Reproduce what is written in the records below exactly, and leave out the images.

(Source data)
Segment Open

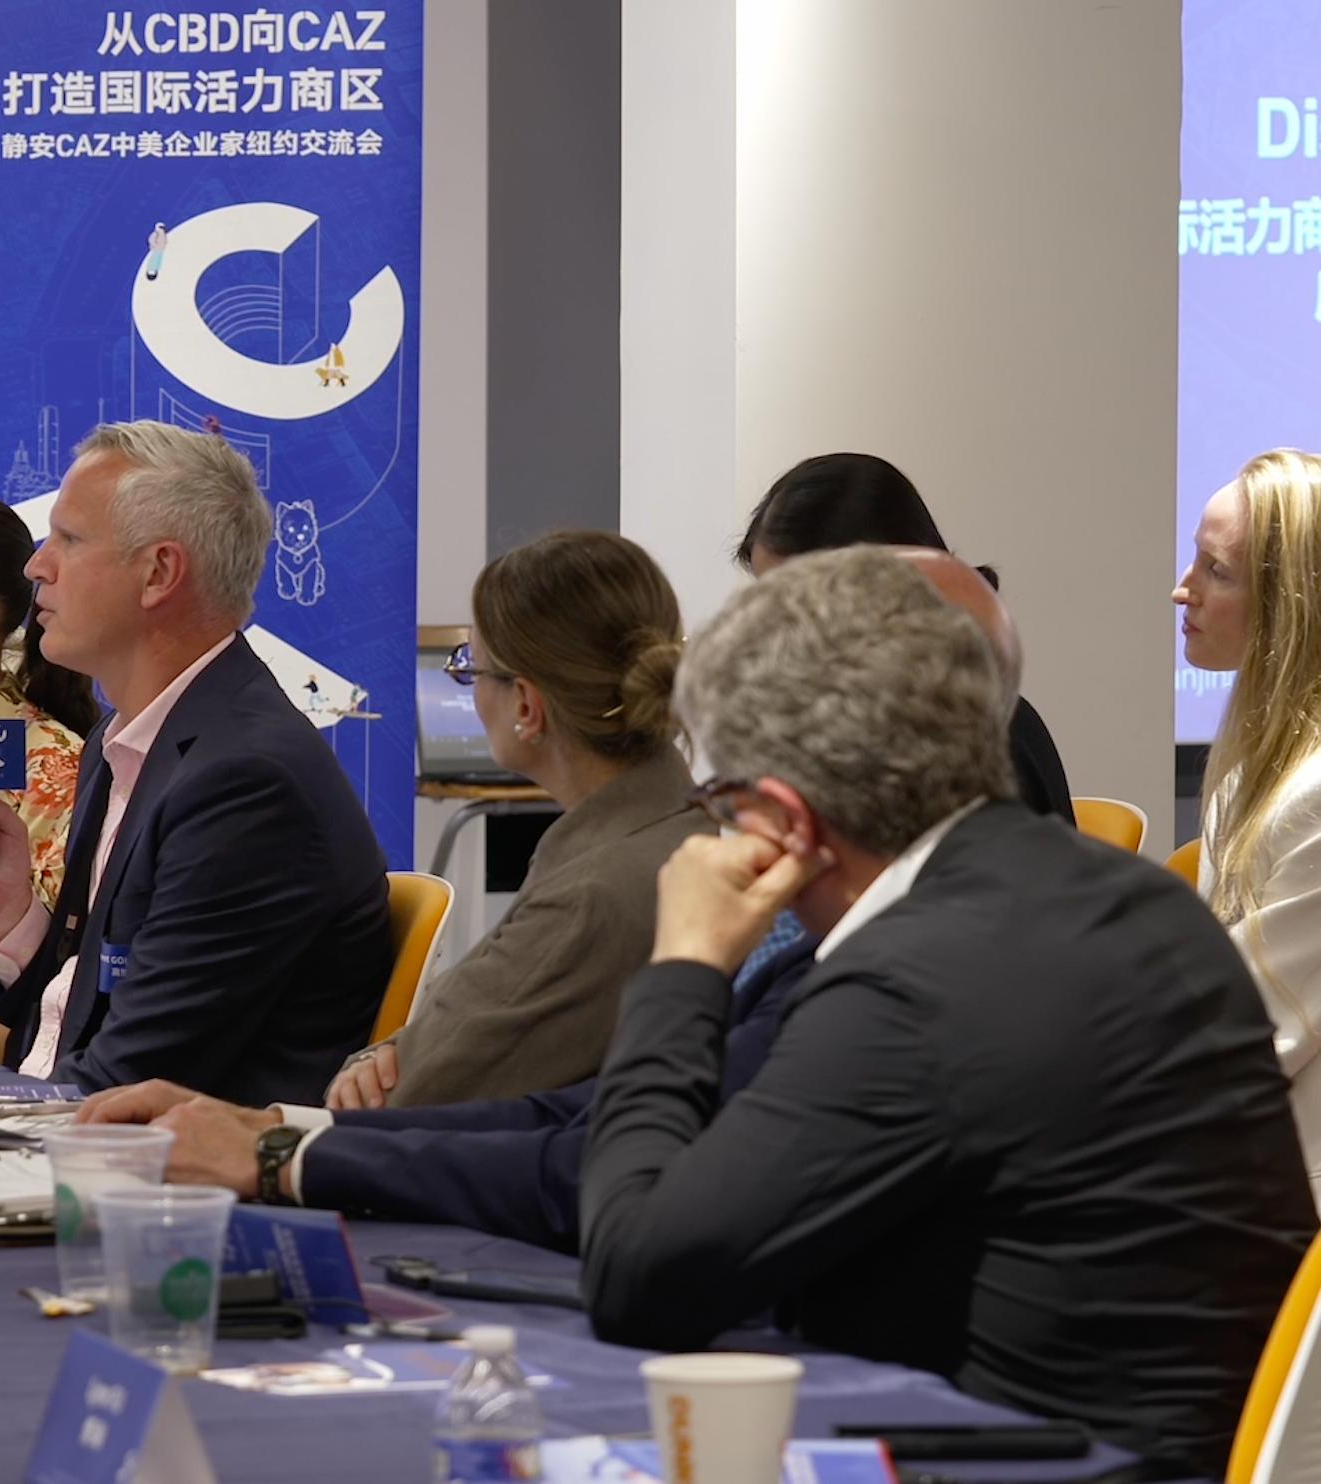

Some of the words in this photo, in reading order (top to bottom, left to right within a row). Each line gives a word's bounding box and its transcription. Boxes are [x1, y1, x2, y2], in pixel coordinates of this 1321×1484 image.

[97, 10, 387, 56] 从CBD向CAZ
[2, 67, 384, 117] 打造国际活力商区
[1, 129, 383, 160] 静安CAZ中美企业家纽约交流会
[1257, 97, 1321, 158] Di
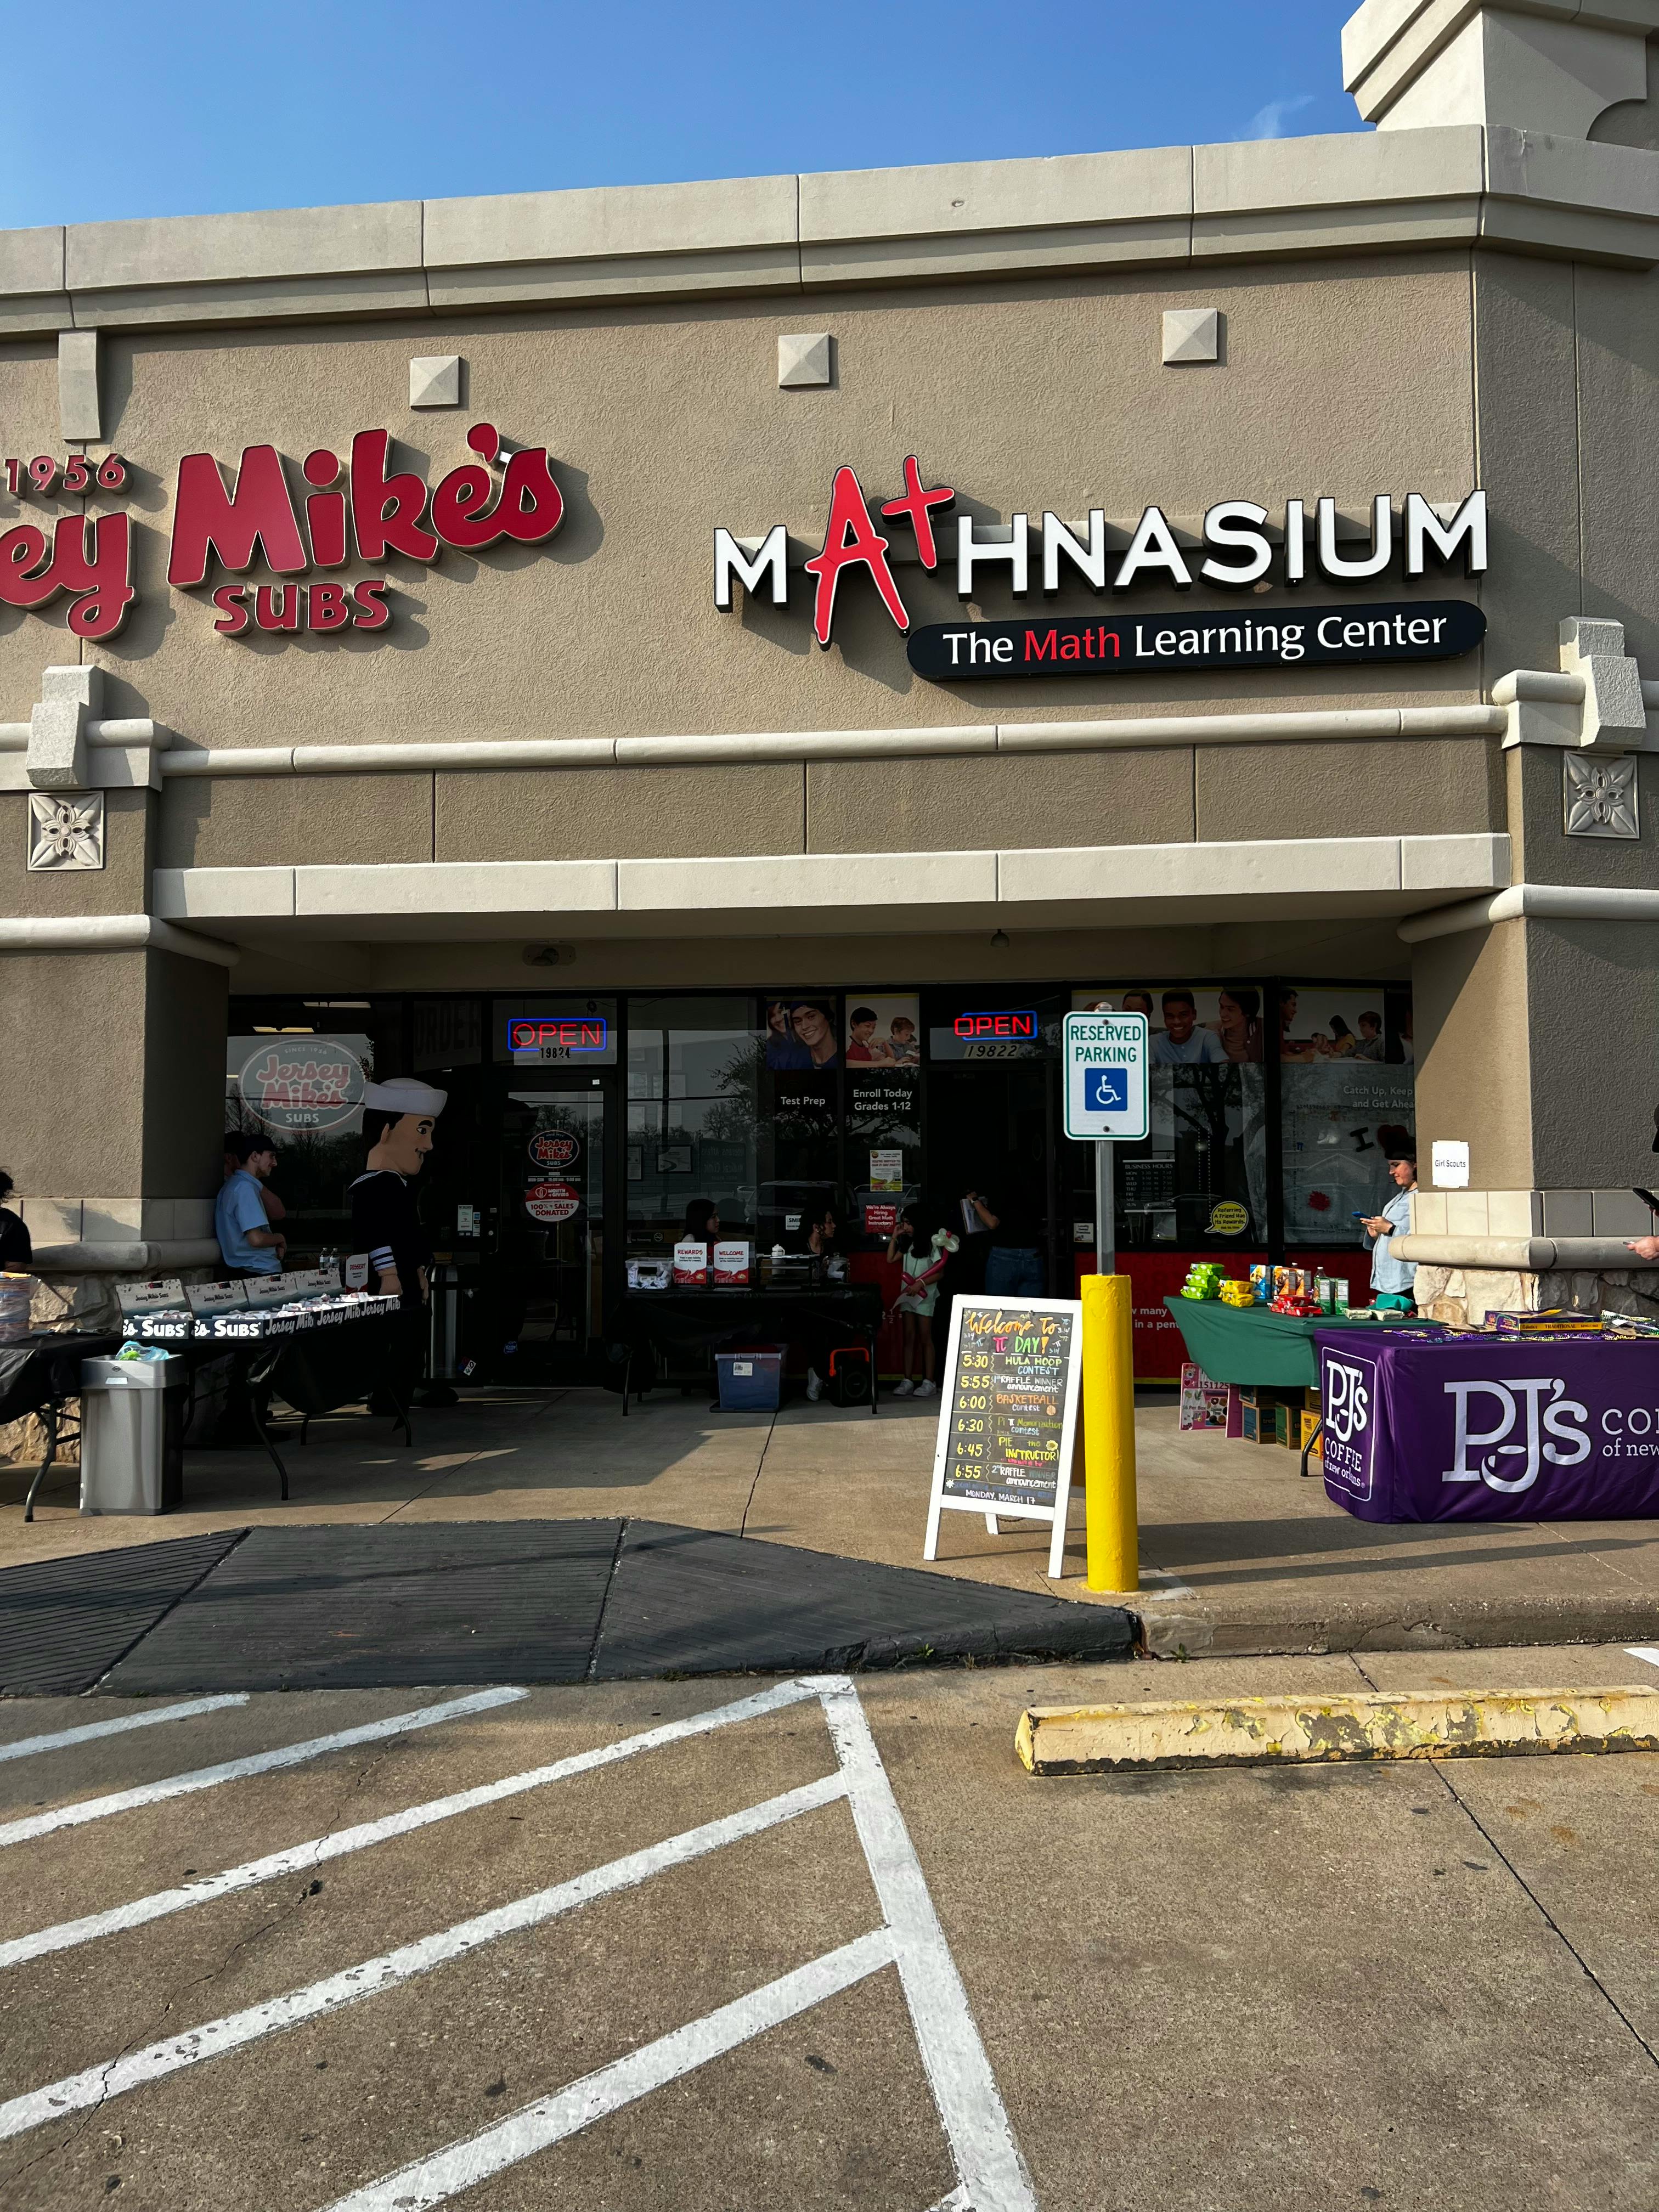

Segment Closed

• _WRITTEN SOLUTION_:
Some of the words in this photo, in reading order (top to bottom, left to right within a row). Each line gives a word's bounding box and its transcription. Boxes are [x1, y1, x2, y2], in pixel coordinates of this 1321×1484 image.

[97, 10, 387, 56] 从CBD向CAZ
[2, 67, 384, 117] 打造国际活力商区
[1, 129, 383, 160] 静安CAZ中美企业家纽约交流会
[1257, 97, 1321, 158] Di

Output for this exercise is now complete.